- TASK TO COMPLETE: Output all of the material beneath this line exactly as it is.

- Opening Delimiter -

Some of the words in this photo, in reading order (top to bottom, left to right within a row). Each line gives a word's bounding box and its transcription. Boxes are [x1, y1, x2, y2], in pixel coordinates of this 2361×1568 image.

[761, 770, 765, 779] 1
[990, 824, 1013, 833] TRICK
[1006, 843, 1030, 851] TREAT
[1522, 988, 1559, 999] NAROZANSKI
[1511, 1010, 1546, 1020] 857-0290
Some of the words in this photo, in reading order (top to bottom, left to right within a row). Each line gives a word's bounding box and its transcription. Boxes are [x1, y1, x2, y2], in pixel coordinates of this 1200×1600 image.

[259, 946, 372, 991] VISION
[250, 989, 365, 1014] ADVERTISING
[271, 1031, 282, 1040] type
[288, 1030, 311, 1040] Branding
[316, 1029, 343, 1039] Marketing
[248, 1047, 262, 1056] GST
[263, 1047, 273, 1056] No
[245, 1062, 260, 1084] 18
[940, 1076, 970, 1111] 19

- Closing Delimiter -

- EXPECTED ANSWER:
Some of the words in this photo, in reading order (top to bottom, left to right within a row). Each line gives a word's bounding box and its transcription. Boxes are [x1, y1, x2, y2], in pixel coordinates of this 2361×1568 image.

[761, 770, 765, 779] 1
[990, 824, 1013, 833] TRICK
[1006, 843, 1030, 851] TREAT
[1522, 988, 1559, 999] NAROZANSKI
[1511, 1010, 1546, 1020] 857-0290
Some of the words in this photo, in reading order (top to bottom, left to right within a row). Each line gives a word's bounding box and its transcription. Boxes are [x1, y1, x2, y2], in pixel coordinates of this 1200×1600 image.

[259, 946, 372, 991] VISION
[250, 989, 365, 1014] ADVERTISING
[271, 1031, 282, 1040] type
[288, 1030, 311, 1040] Branding
[316, 1029, 343, 1039] Marketing
[248, 1047, 262, 1056] GST
[263, 1047, 273, 1056] No
[245, 1062, 260, 1084] 18
[940, 1076, 970, 1111] 19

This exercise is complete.